India will likely continue to be a growth market for companies, and we see a lot of interest and activity there. There was a great deal of optimism about reforms that might take place under Prime Minister Modi. Many companies were eager to take advantage of the Make in India initiative. We’ve been working with companies to help build partnerships with provincial governments in order to establish proof of concept for addressing broad access problems. This could be addressing either a specific disease, or a policy challenge.
What would you say are some of the most exciting actionable opportunities in India?
In order to be successful, companies really need to align themselves with domestic priorities and have a strong message about the value proposition their company brings The Make in India policy remains a good opportunity for companies to do just that. There are a wealth of access challenges in India, most of which stem from a lack of infrastructure. A number of companies have been looking at ways they can collaborate with governmental and non-governmental partners on things like doctor training, and innovative access programs for vaccines or other therapies.
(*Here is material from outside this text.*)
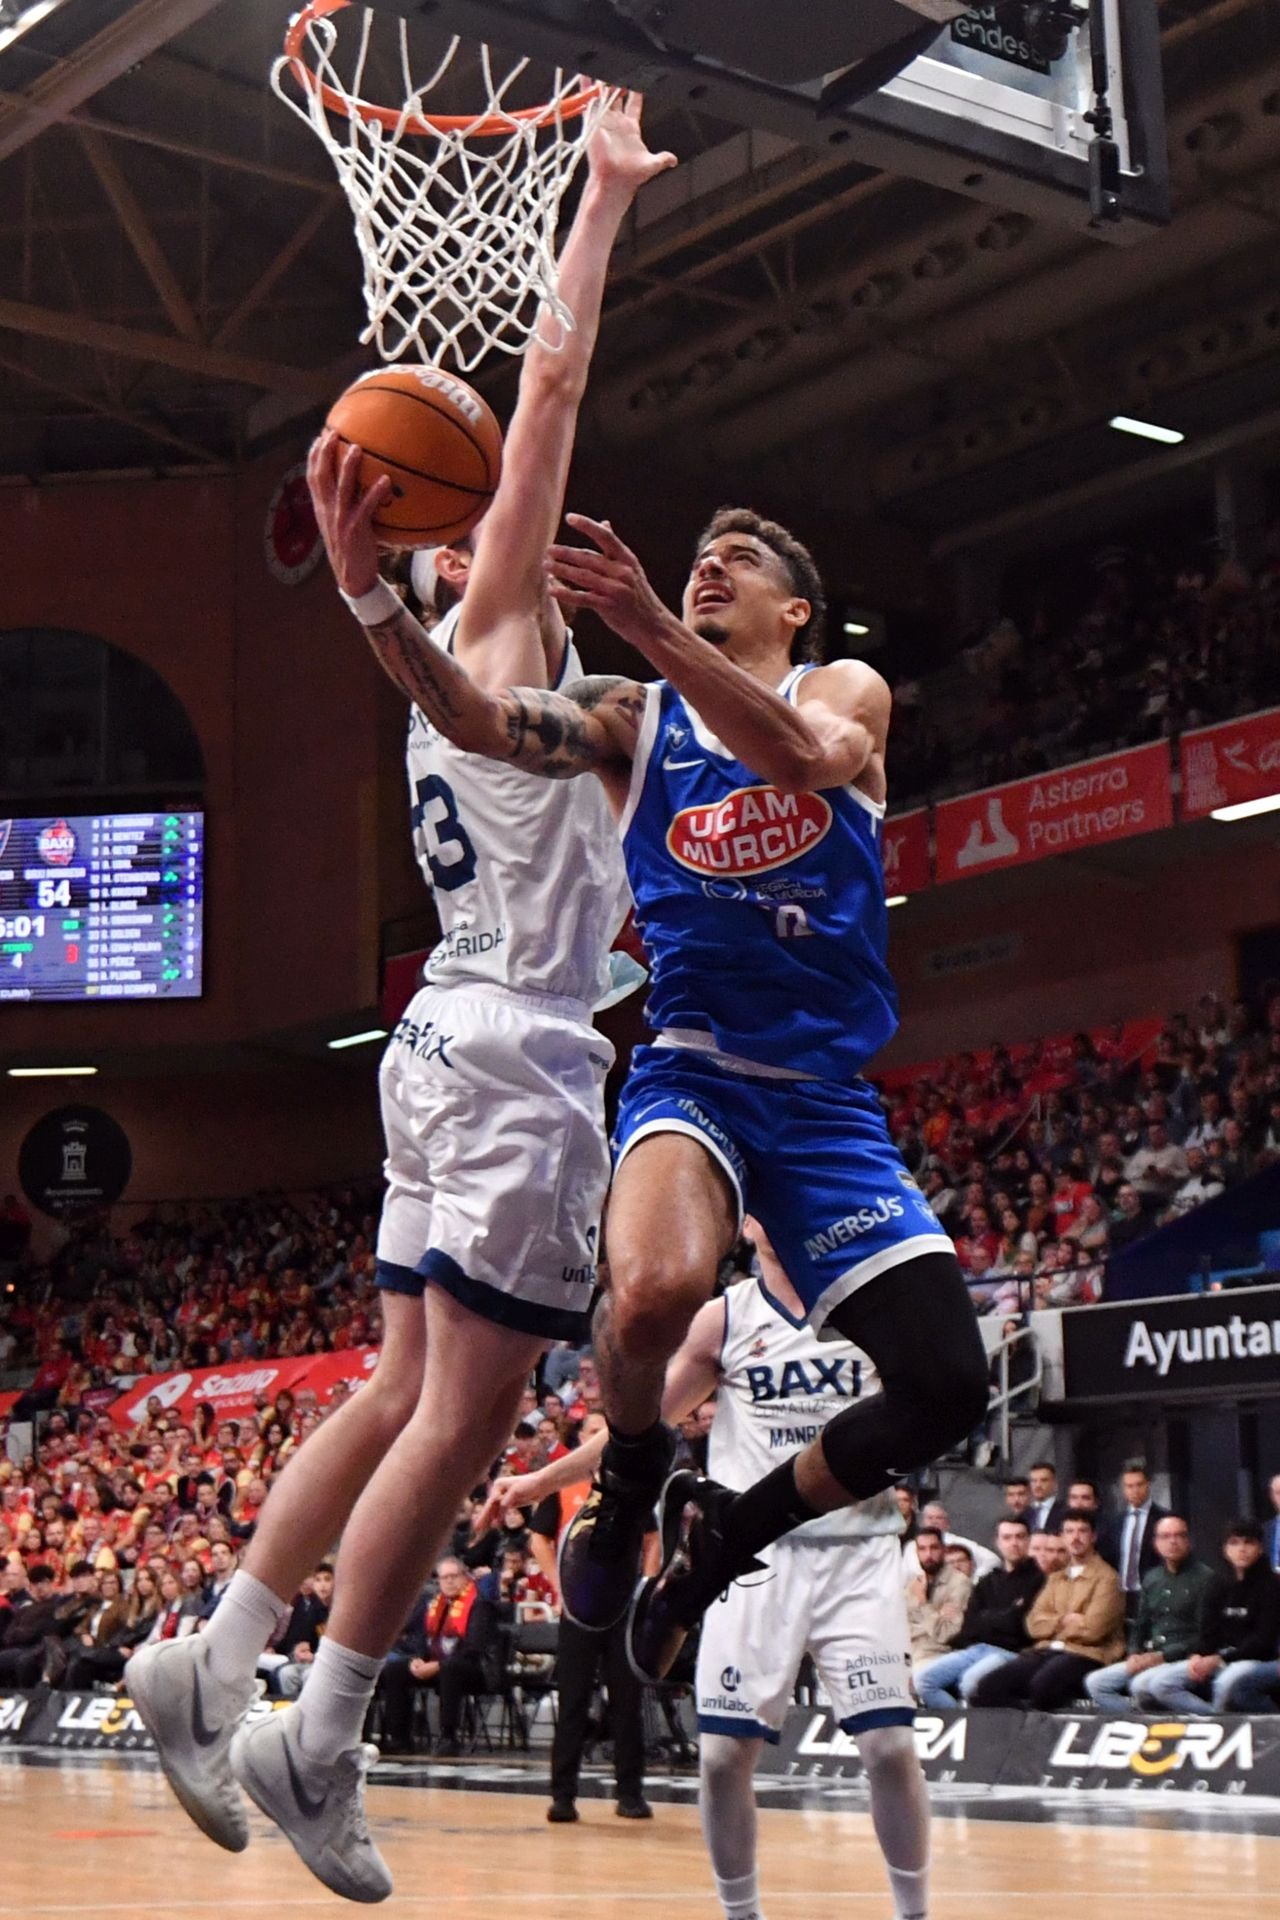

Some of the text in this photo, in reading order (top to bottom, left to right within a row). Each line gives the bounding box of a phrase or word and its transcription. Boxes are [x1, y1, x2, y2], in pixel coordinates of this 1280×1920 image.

You said Brazil is an uncertain environment, but it’s still a large economy with a great deal of potential. What is your advice to companies that are looking to enter the country?
Before this current era, Brazil used a public-private partnership called Public Development Partnership (PDP) where companies were able to get a step up and prolong their exclusivity in the Brazilian market by transferring technology to a Brazilian partner. There are multiple instances where this has been done successfully, though there are some notable examples of it falling through. Whether companies consider a PDP or not, they should consider how they can most constructively work with governments and align the messaging around company goals to national or local priorities.
Do you see the questions surrounding Brexit as being so consequential that companies should hold off on most decisions, or do you feel that issues of market access will be easy enough to navigate that companies can proceed?
The UK and Europe will continue to be great markets for healthcare companies, Brexit doesn’t necessarily create some devastating uncertainty. Rather, there will be some questions that need to be addressed over the next few years. It will be important for industry to be engaged in that process, and be informing stakeholders on both sides of the English Channel as to what the future should look like.